Off Campus Networking
  1. General Internet Outage - a single Internet service provider misconfigured a router. This pointed to his router as the fastest route to the Net. Once this propagated through the net, the result was an overload that took hours to correct. On the positive side, it didn't take long for the net to adapt to the change - on the negative side, it took only one person's mistake to bring down the entire system.
Campus Networking
  1. There was a problem with the lack of space for private IP addresses. In trying to alleviate this distress, the private to public IP's got cut off. Large sections of the campus were locked out. This lead to campus router problems. Final fix was suppose to occur this morning.
  2. FCLA - has been trying to fix private IP's - writing new code to handle it. Should improve WebLUIS response time for PC's.
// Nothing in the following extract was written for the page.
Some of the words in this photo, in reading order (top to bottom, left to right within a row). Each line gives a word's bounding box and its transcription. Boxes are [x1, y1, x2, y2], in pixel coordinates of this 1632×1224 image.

  3. Vendors - have been inquiring about proxy IP's. Proxy IP's are one pool of IP's in one area. The machine translates non-unique numbers. It is usually used to provide a degree of security when backing in & out. Bill Covey doesn't trust the technology for the Library , we have no private, masquerade, or proxy IP's - ours are real. The software & service required to work with the proxy isn't compatible with what we have.
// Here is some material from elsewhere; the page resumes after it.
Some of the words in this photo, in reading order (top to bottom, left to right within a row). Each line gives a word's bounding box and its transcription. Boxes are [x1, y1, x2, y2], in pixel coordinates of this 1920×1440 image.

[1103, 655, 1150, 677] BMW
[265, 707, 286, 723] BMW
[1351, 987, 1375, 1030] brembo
  4. IFAS has expanded their overall network. Provides IPX access to the campus network. Questions arise regarding branch access & vendor licensing.
Mail Clients
  1. Mail Client/Servers was a big topic at the last Liaison Meeting. The traditional email system has been accessed through NERDC - running a program that has been stored on the mainframe. It essentially acts as an electronic post office on the mainframe. The current paradigm in email is the client/server. In our case, we have NERDC's IBM (later to be Unix) as the server and the client is the desktop - it has to be micro (can't be a dumb terminal). The question is, what kind of mail client should we be running? There is a large variety of them, all with their individual pros & cons. All require different user interfaces, they are not universal, they are individualized & all have different support requirements. There are also problems in the expanding use of binary attachments. What should the Library Policy be? Should we choose one mail client and enforce it as the library standard, thus supplying a standard of support - knowing any client picked will inevitably be unacceptable to some?
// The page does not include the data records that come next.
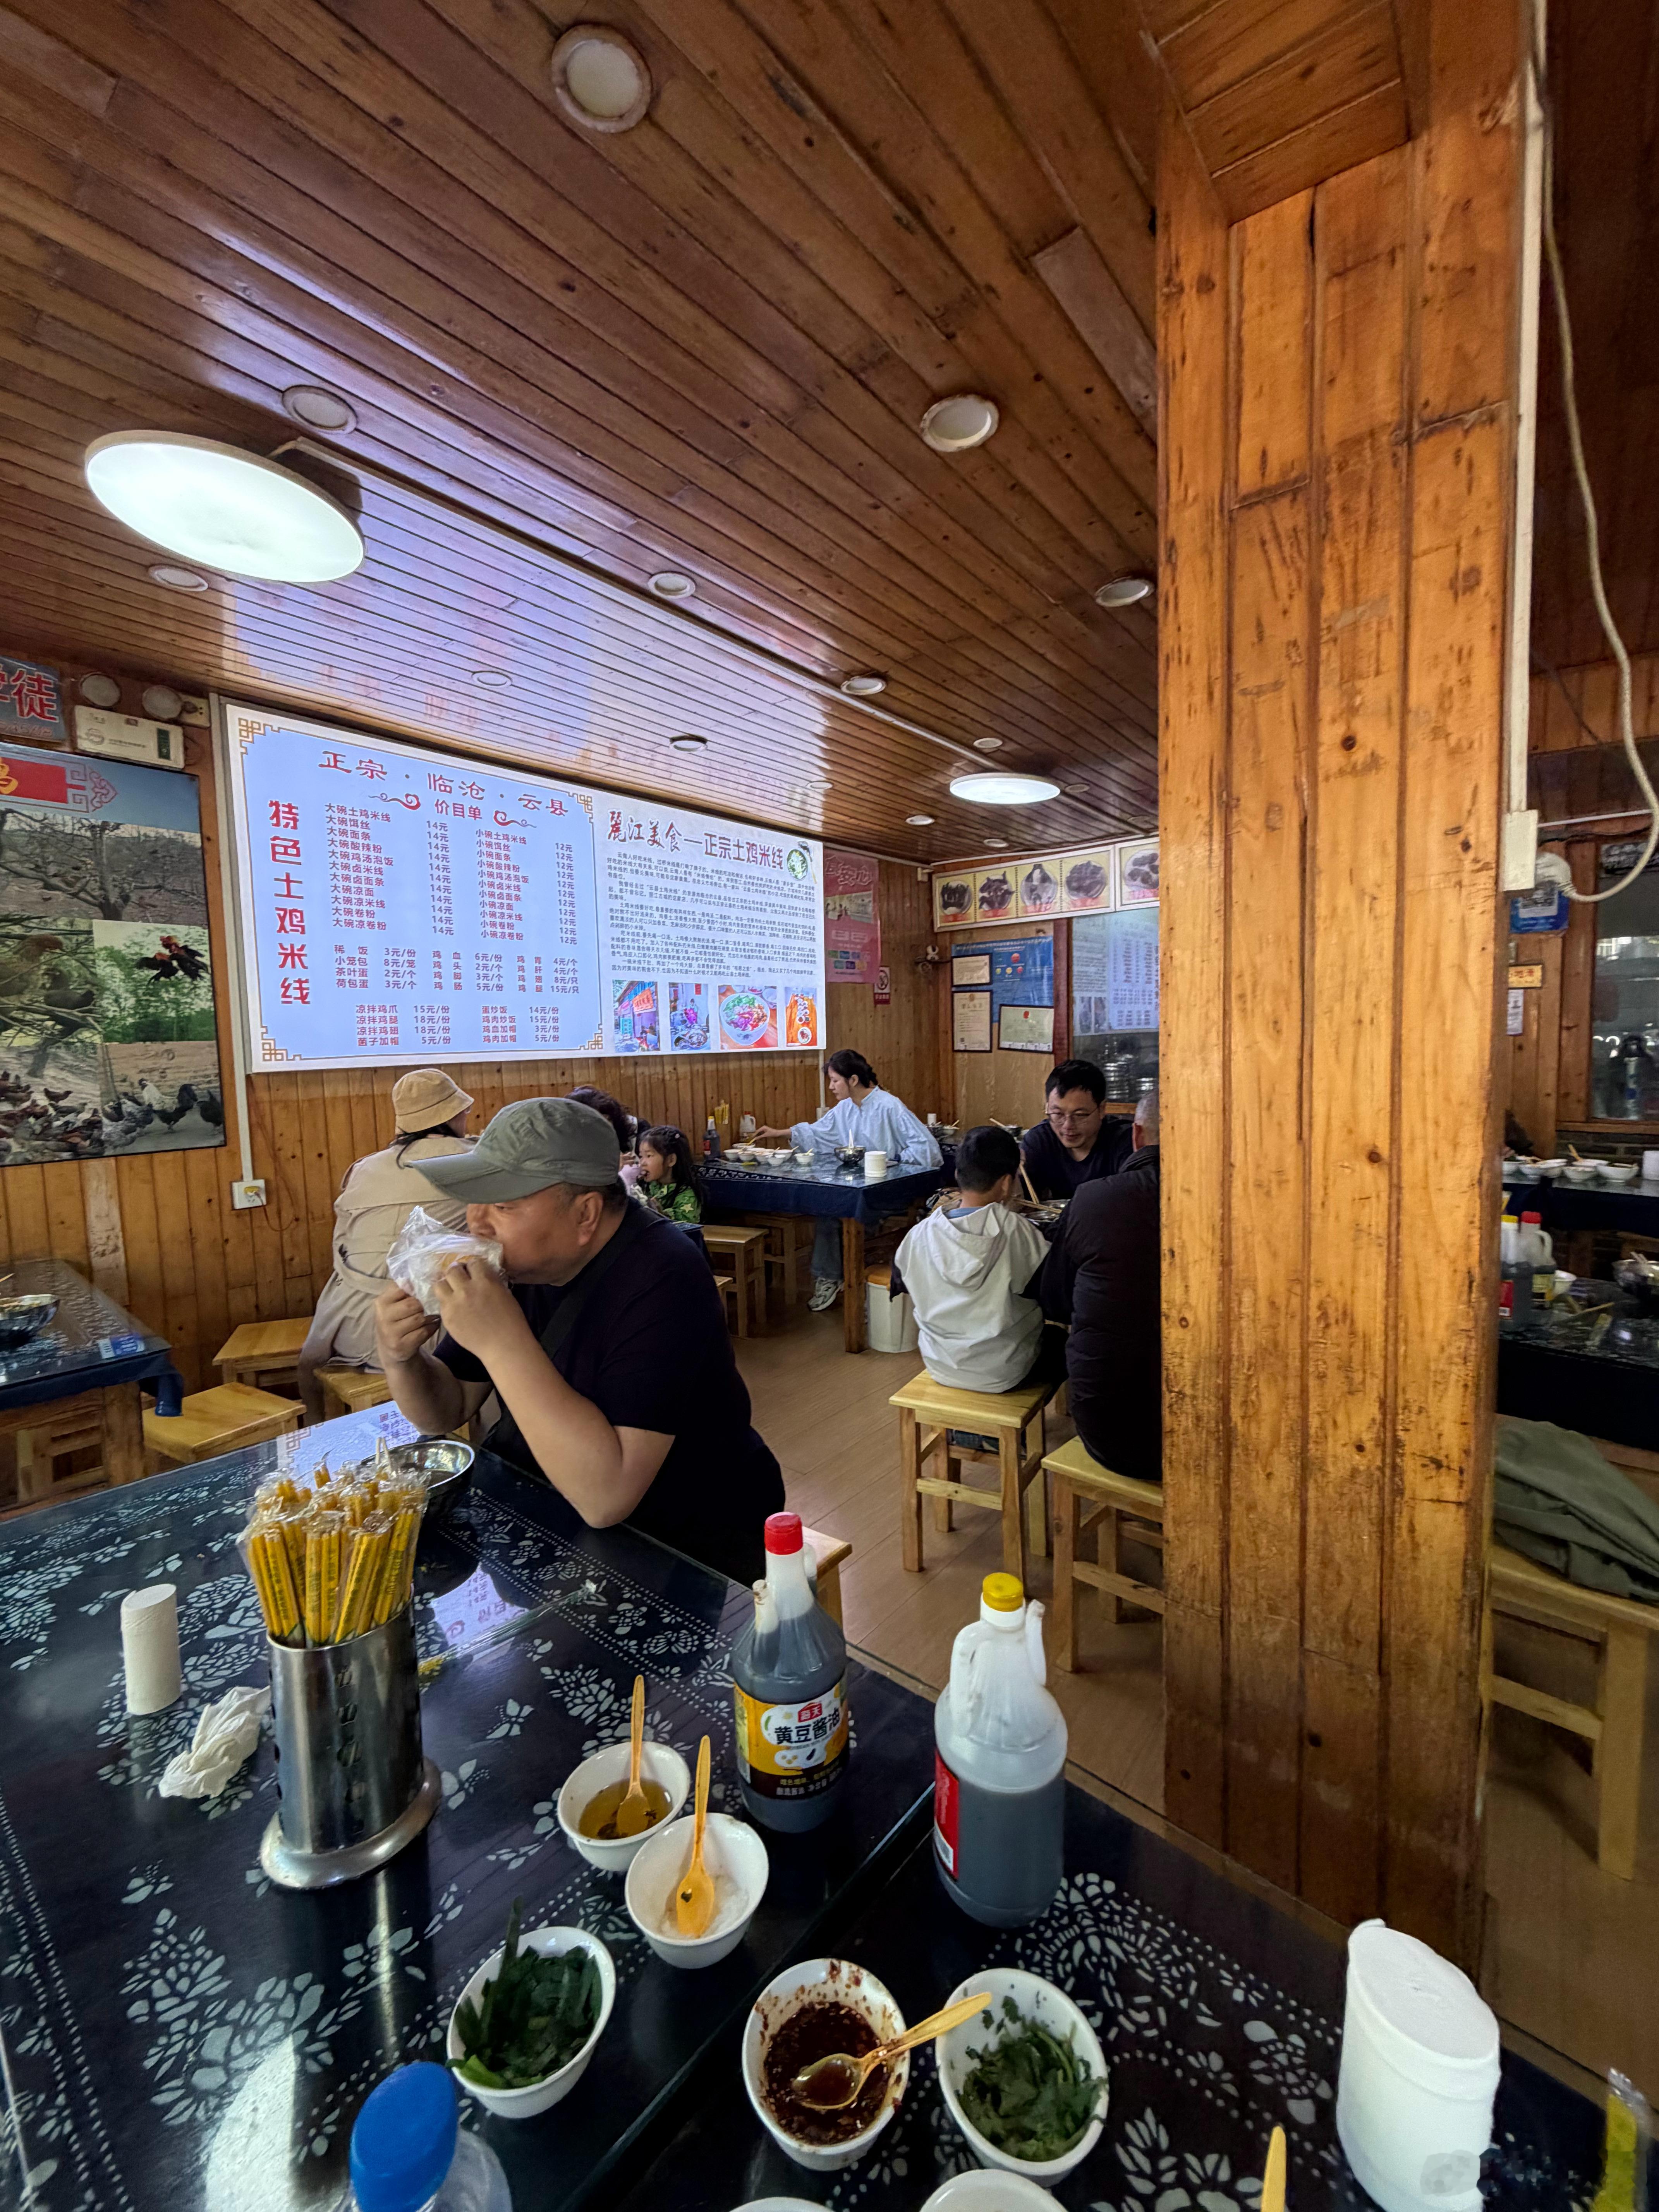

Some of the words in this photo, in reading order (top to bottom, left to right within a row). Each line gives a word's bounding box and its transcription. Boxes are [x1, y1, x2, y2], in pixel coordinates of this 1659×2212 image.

[0, 665, 59, 723] 徒
[325, 803, 390, 822] 大碗土鸡米线
[427, 820, 448, 831] 14元
[434, 799, 482, 820] 价目单
[326, 815, 371, 830] 大碗饵丝
[427, 831, 448, 842] 14元
[326, 826, 371, 841] 大碗面条
[428, 842, 449, 852] 14元
[476, 829, 527, 845] 小碗土鸡米线
[555, 843, 572, 852] 12元
[328, 838, 382, 854] 大碗酸辣粉
[429, 853, 450, 863] 14元
[476, 839, 511, 852] 小碗饵丝
[556, 852, 573, 862] 12元
[477, 849, 511, 861] 小碗面条
[556, 862, 574, 871] 12元
[328, 849, 393, 866] 大碗鸡汤泡饭
[429, 863, 450, 873] 14元
[477, 859, 520, 872] 小碗酸辣粉
[557, 871, 574, 880] 12元
[329, 860, 383, 876] 大碗卤米线
[430, 874, 451, 884] 14元
[478, 869, 529, 884] 小碗鸡汤泡饭
[557, 880, 574, 890] 12元
[330, 872, 384, 886] 大碗卤面条
[430, 884, 452, 894] 14元
[478, 879, 521, 892] 小碗卤米线
[558, 890, 575, 899] 12元
[268, 800, 310, 1005] 特色土鸡米线
[330, 884, 374, 896] 大碗凉面
[431, 895, 452, 904] 14元
[479, 890, 522, 902] 小碗卤面条
[558, 899, 575, 908] 12元
[331, 895, 385, 908] 大碗凉米线
[431, 905, 453, 915] 14元
[479, 900, 514, 911] 小碗凉面
[559, 908, 576, 917] 12元
[332, 906, 375, 919] 大碗卷粉
[432, 915, 453, 925] 14元
[480, 910, 522, 921] 小碗凉米线
[559, 918, 576, 926] 12元
[333, 918, 386, 930] 大碗凉卷粉
[433, 926, 454, 935] 14元
[481, 920, 514, 930] 小碗卷粉
[560, 927, 577, 936] 12元
[481, 930, 523, 940] 小碗凉卷粉
[560, 937, 577, 945] 12元
[335, 956, 368, 966] 小笼包
[384, 959, 416, 968] 8元/笼
[385, 948, 416, 957] 3元/份
[475, 953, 502, 962] 6元/份
[335, 967, 368, 977] 茶叶蛋
[385, 969, 416, 979] 2元/个
[476, 963, 503, 972] 2元/个
[336, 979, 368, 988] 荷包蛋
[385, 980, 417, 989] 3元/个
[476, 973, 503, 982] 3元/个
[476, 983, 503, 992] 5元/份
[356, 1005, 398, 1013] 凉拌鸡爪
[414, 1005, 450, 1014] 15元/份
[482, 1006, 507, 1014] 蛋炒饭
[356, 1015, 398, 1024] 凉拌鸡腿
[414, 1016, 450, 1024] 18元/份
[357, 1026, 398, 1035] 凉拌鸡翅
[415, 1026, 450, 1034] 18元/份
[422, 1036, 451, 1044] 5元/份
[775, 1707, 840, 1745] 黄豆酱油
  2. Another option in the quest for a mail client is to allow for a multiple client zone where users have an array of choices - never having to be locked into one solution. The support burden would be greatly increased.
  3. The middle of the road option - we could advertise the support a select group of mail clients. This would be more manageable and still give users a freedom of choice. Still, problems with support arise with issues of upgrades.
  4. Liaisons don't seem comfortable with any of these options. No conclusions have been made to resolve this issue. The support issues directly effect the liaisons. If there is a choice outside of 1 or 2 mail clients, a listserve could be set up for it, not official support - but advice from those who are familiar with that client. A sampling of the liaisons concluded that they need to use these clients for awhile to be able to judge what works well.
  5. Costs for the software to support these mail/server clients? It should not be greater unless the more costly clients are chosen. Some mail clients come standard with the PC. Scheduling and calendar software is picky about what client/mailer it can work with. If this decision rested in a private business, they would more than likely mandate which client/server should be used by the company.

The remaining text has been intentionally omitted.